You desire to LIVE ‘according to Nature’? Oh, you
noble Stoics, what fraud of words! Imagine to yourselves a
being like Nature, boundlessly extravagant, boundlessly
indifferent, without purpose or consideration, without pity
or justice, at once fruitful and barren and uncertain:
imagine to yourselves INDIFFERENCE as a power—
how COULD you live in accordance with such
indifference? To live—is not that just endeavouring to be
otherwise than this Nature? Is not living valuing,
preferring, being unjust, being limited, endeavouring to be
different? And granted that your imperative, ‘living
according to Nature,’ means actually the same as ‘living
according to life’—how could you do DIFFERENTLY?
Why should you make a principle out of what you
yourselves are, and must be? In reality, however, it is quite
otherwise with you: while you pretend to read with
rapture the canon of your law in Nature, you want
something quite the contrary, you extraordinary stageplayers and self-deluders! In your pride you wish to dictate
your morals and ideals to Nature, to Nature herself, and to
incorporate them therein; you insist that it shall be Nature
‘according to the Stoa,’ and would like everything to be
made after your own image, as a vast, eternal glorification
and generalism of Stoicism! With all your love for truth, you have forced yourselves so long, so persistently, and
with such hypnotic rigidity to see Nature FALSELY, that
is to say, Stoically, that you are no longer able to see it
otherwise— and to crown all, some unfathomable
superciliousness gives you the Bedlamite hope that
BECAUSE you are able to tyrannize over yourselves—
Stoicism is self-tyranny—Nature will also allow herself to
be tyrannized over: is not the Stoic a PART of Nature? …
But this is an old and everlasting story: what happened in
old times with the Stoics still happens today, as soon as
ever a philosophy begins to believe in itself. It always
creates the world in its own image; it cannot do otherwise;
philosophy is this tyrannical impulse itself, the most
spiritual Will to Power, the will to ‘creation of the world,’
the will to the causa prima.

>> No.12407182

>>12405488
for a very concise read, and a read contemporary to stoicisms height, read Cicero's Pro Murena where he talks about Cato (chapters 60-64)

>> No.12407200

>>12405488
i dont remember people being forced into traditional masculinity except me and my neighbours, but i was born in a tiny backwoods village
what ive seen is 95% of people acting like fags and thinking traditional gender roles are outdated and ridiculous
i cried all my life normally as a man without fearing it and nobody gave a fuck
so where exactly do these people live that they are forced to behave like some kind of a 50s meme man

>> No.12407237

>>12405488
The Stoics themselves.
btw it's poor form to argue against scientific findings on the basis of feelings and "common sense".
>>12407200
You are not normally forced. You are pressured by social expectations and your own desire to fit the norm.

>> No.12407248

>>12407237
>btw it's poor form to argue against scientific findings on the basis of feelings and "common sense".
id usually agree, but science today is so full of shit and with prepaid research results that i cant
>You are not normally forced. You are pressured by social expectations and your own desire to fit the norm.
maybe i just never had this desire or cared about pressures, who knows

>> No.12407457

>>12406942
I can't really blame them. Crying can feel good sometimes (tears of joy especially).

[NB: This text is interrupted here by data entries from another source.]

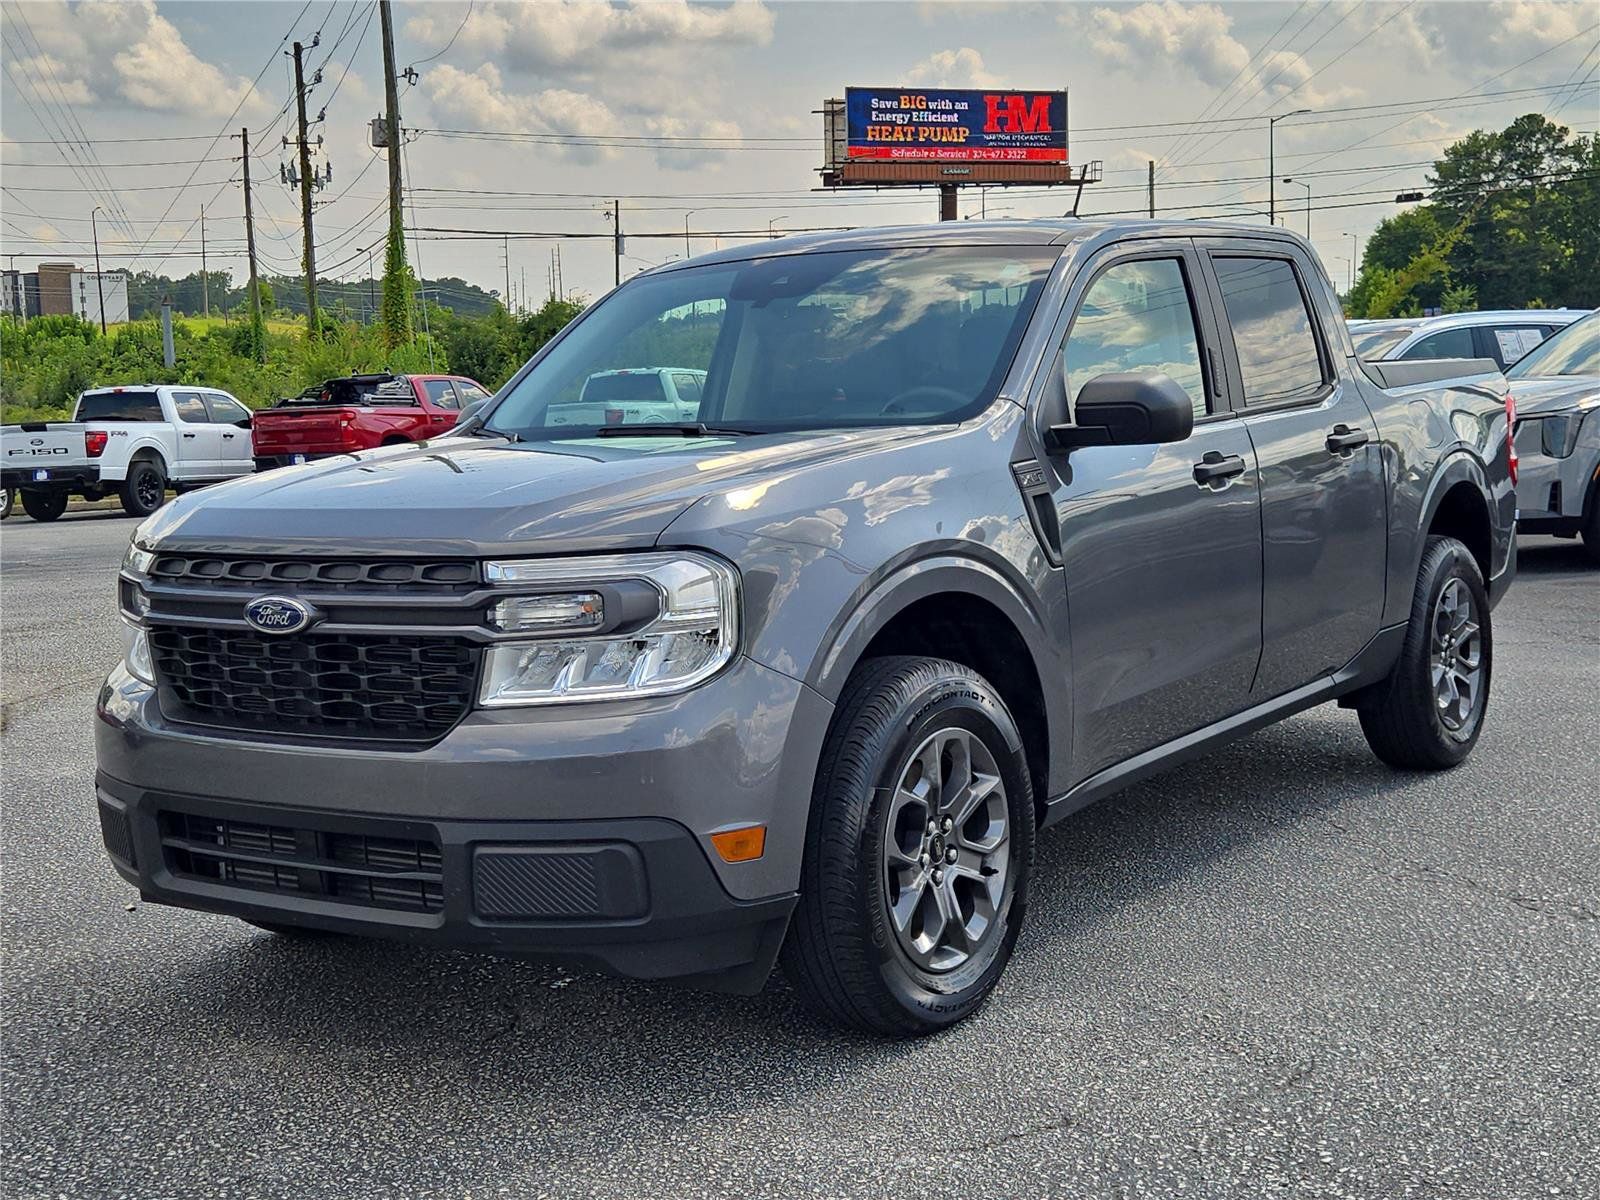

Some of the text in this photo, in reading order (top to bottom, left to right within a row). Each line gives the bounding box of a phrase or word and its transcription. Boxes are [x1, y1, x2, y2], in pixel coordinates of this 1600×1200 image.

[871, 95, 969, 110] Save BIG with an
[871, 111, 959, 124] Energy Efficient
[983, 95, 1052, 133] HM
[867, 125, 970, 142] HEAT PUMP
[891, 149, 929, 158] Schedule
[8, 447, 69, 457] F-150
[257, 604, 292, 625] Ford

I don't understand where the "men don't cry" meme came from personally. Every single piece of "manly" fiction I've ever consumed has a masculine character cry at something.

>> No.12407461

>>12407237
>scientific findings
>say top psychologists
lmao

>> No.12407472

>>12407457
Yeah the men don't cry thing is bullshit. I come from a really blue collar background, like coal mining blue collar, and most of my male relatives cry all the time. A sentimental song, a picture of their kids, their kids doing anything impressive really. The women though, they're all tough as shit.

>> No.12407581

>>12407472
I'm also from a working class background, and I see the same thing. The women are hardcore and are practically the head of the household, whereas the men tend to have more emotional baggage.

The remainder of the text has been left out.